Normalization involves following certain rules. If the first rule is followed it is called first normal form. If first three rules are formed it is called third normal form. Third normal form is considered the highest level necessary for most applications.

**First Normal Form:** rules:
- Eliminate repeating groups in individual tables.
- Create a separate table for each set of related data.
- Identify each set of related data with a primary key.

**Second Normal Form:** rules:
- Create separate tables for sets of values that apply to multiple records.
- Relate these tables with a foreign key.

**Third Normal Form:** rules:
- Eliminate fields that do not depend on the key.

![Normalization Example](https://i.imgur.com/GQnQ4V1.png)

### ACID Properties
ACID = Atomicity + Consistency + Isolation + Durability

**Database Transaction:** A database transaction is a collection of queries. Either all the queries are *committed* or all are *rolled back*.  

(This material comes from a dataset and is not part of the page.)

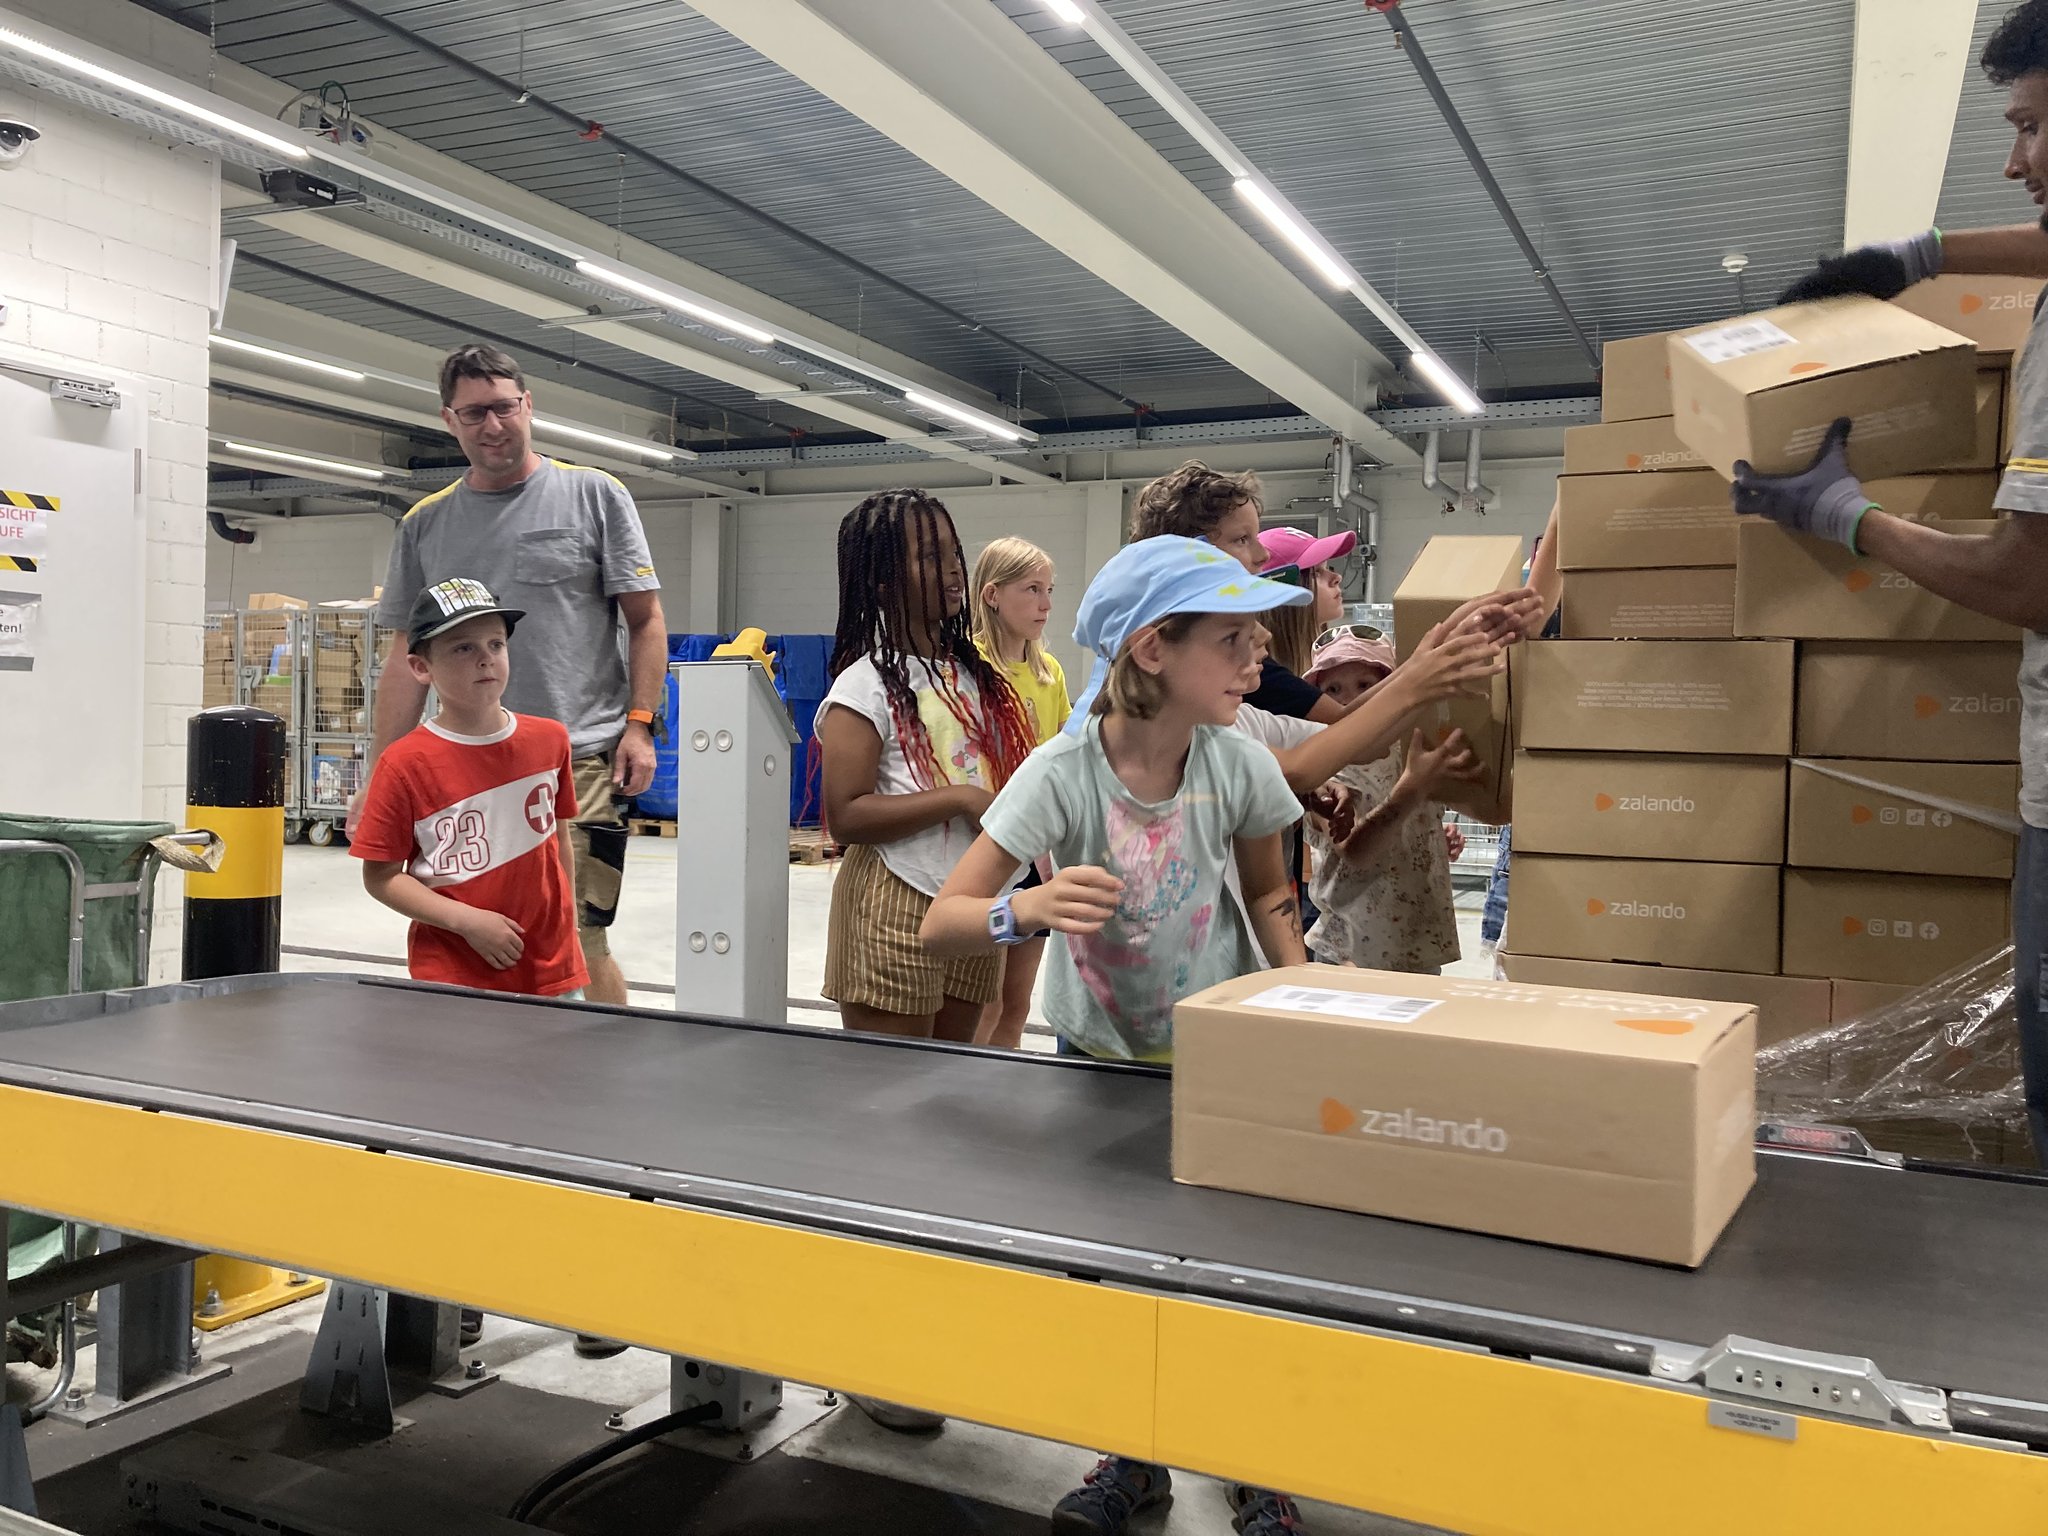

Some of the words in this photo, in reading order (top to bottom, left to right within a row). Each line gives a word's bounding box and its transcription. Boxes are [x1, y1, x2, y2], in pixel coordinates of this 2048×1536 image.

**Atomicity:** All queries in a transaction must succeed. If even one fails, rollback.  
**Isolation:** This relates to how database handles concurrent transactions. Some of the problems associated with multiple concurrent transactions are:
- **Dirty Reads:** A dirty read occurs when a transaction is allowed to read data from a row that has been modified by another running transaction and not yet committed.  
![DR](https://i.imgur.com/RgXv5u7.png)
- **Non Repeatable Reads:** A non-repeatable read occurs when, during the course of a transaction, a row is retrieved twice and the values within the row differ between reads.  
![NRR](https://i.imgur.com/HebK9jE.png)
- **Phantom Reads:** A phantom read occurs when, in the course of a transaction, new rows are added or removed by another transaction to the records being read.  
![PR](https://i.imgur.com/FLaChm0.png)